-- Data shown follows --

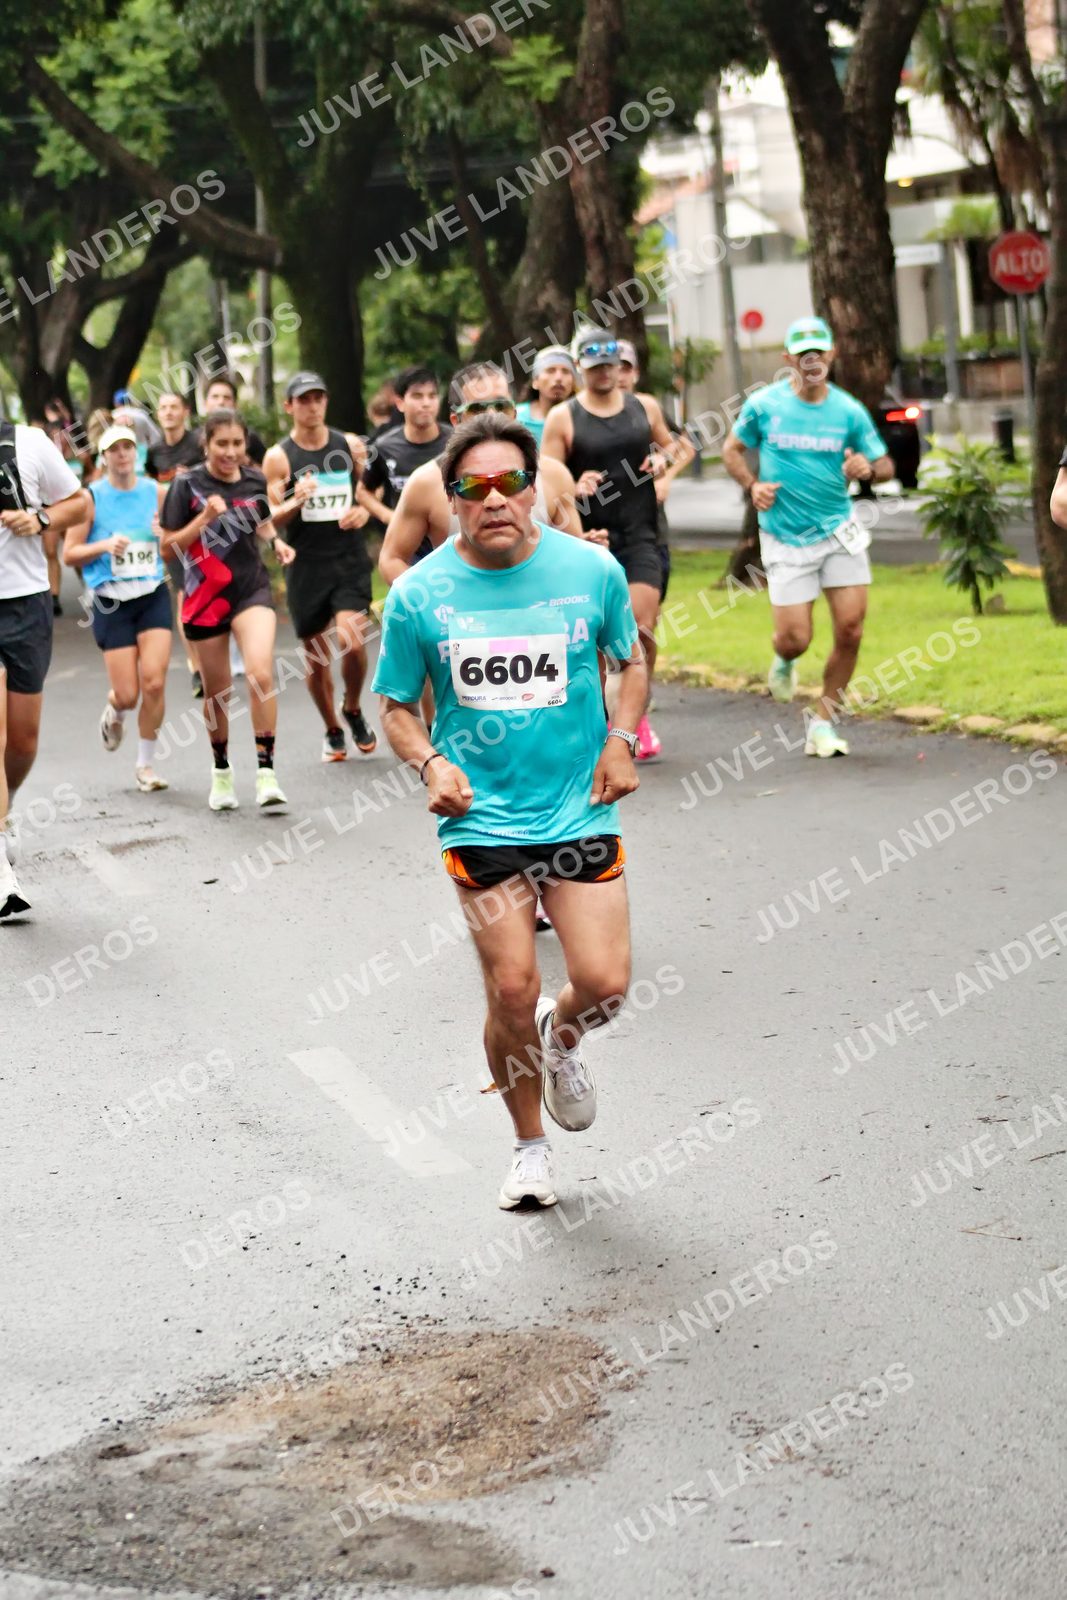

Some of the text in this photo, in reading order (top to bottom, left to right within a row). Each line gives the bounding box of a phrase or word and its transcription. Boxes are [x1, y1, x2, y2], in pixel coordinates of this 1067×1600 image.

[995, 248, 1044, 275] ALTO
[549, 594, 591, 607] BROOKS
[459, 653, 559, 687] 6604
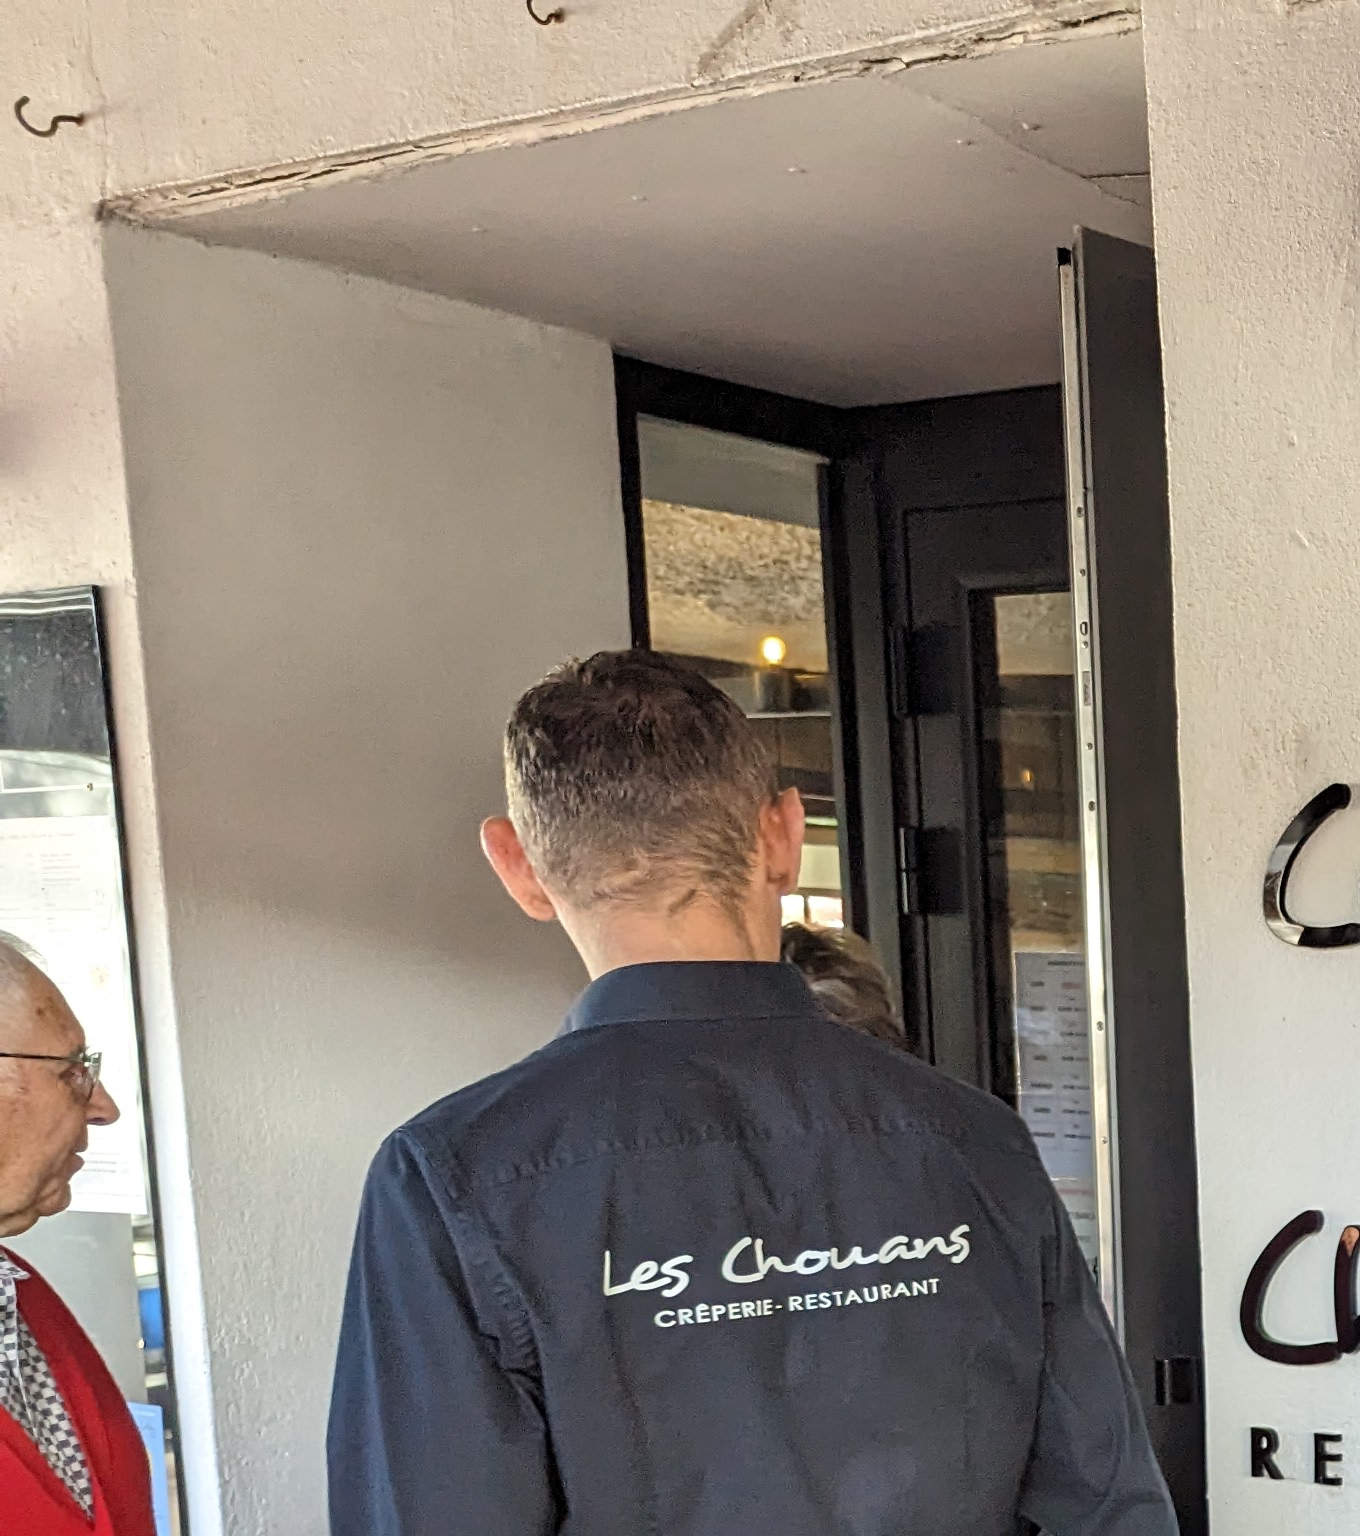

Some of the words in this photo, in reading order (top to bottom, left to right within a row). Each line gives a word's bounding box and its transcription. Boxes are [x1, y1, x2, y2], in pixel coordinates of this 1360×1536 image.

[603, 1250, 694, 1298] Les
[721, 1223, 971, 1284] Chouans
[788, 1278, 940, 1312] RESTAURANT
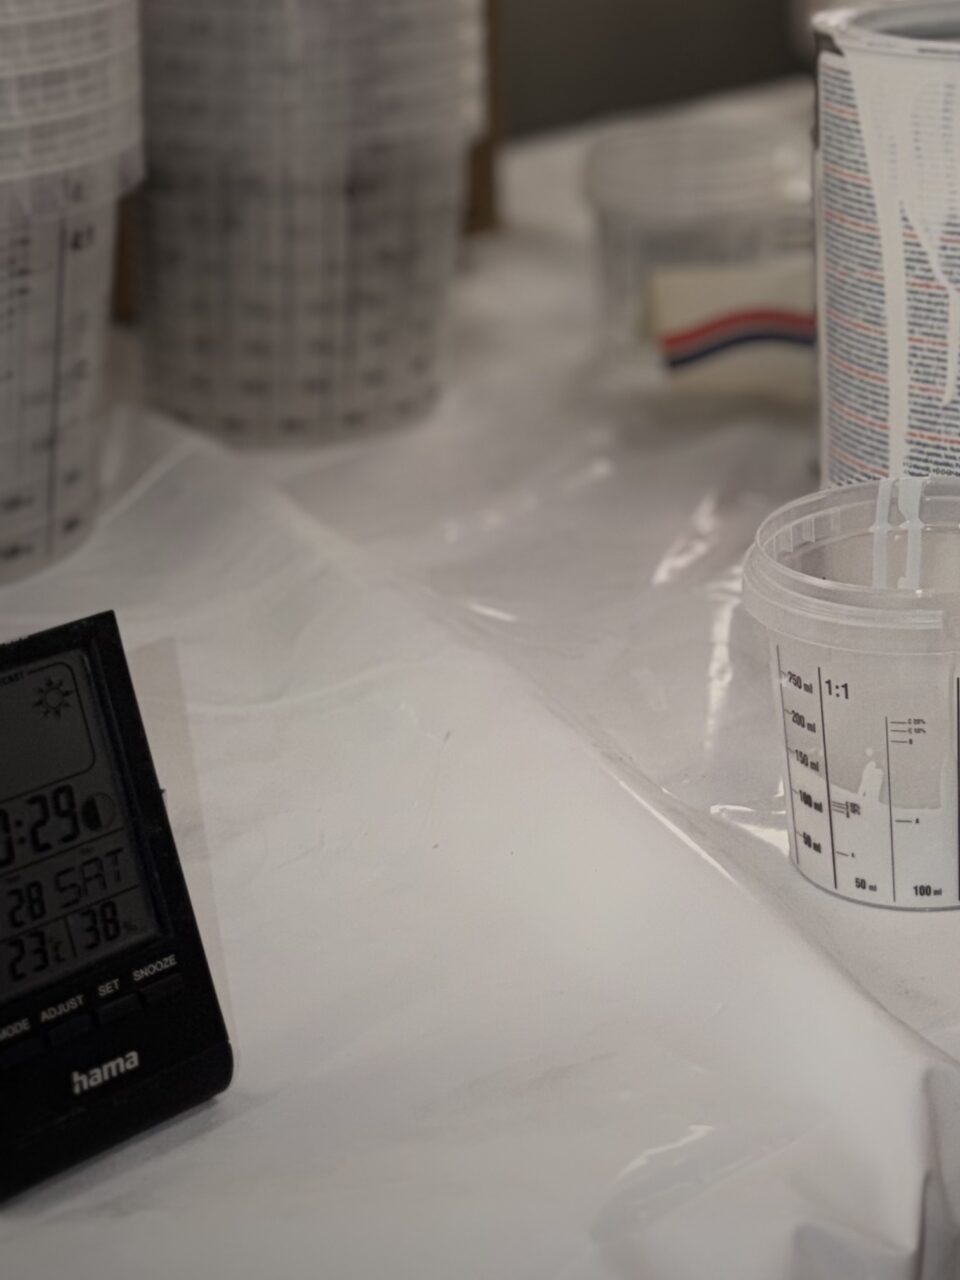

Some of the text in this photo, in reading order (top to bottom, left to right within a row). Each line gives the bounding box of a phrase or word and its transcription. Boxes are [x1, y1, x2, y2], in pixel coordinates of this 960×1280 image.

-- Data shown concluded --

:: Prompt ::
Copy out every line of the data above, taking care to leave the pictures out.

:: Result for this task ::
Some of the text in this photo, in reading order (top to bottom, left to right within a row). Each line gives the bounding box of a phrase or word and its transcription. Boxes are [x1, y1, x2, y2], in pixel coordinates of this 1067×1600 image.

[995, 248, 1044, 275] ALTO
[549, 594, 591, 607] BROOKS
[459, 653, 559, 687] 6604

Some of the words in this photo, in reading order (top to bottom, left to right within a row). Each line gives a word's bounding box and its transcription. Boxes are [x1, y1, x2, y2], in pixel coordinates of this 1360×1536 image.

[603, 1250, 694, 1298] Les
[721, 1223, 971, 1284] Chouans
[788, 1278, 940, 1312] RESTAURANT

Some of the text in this photo, in reading order (top to bottom, left to right within a row). Each line gives the bounding box of a phrase or word and its transcription. Boxes are [x1, y1, x2, y2], in pixel coordinates of this 960×1280 image.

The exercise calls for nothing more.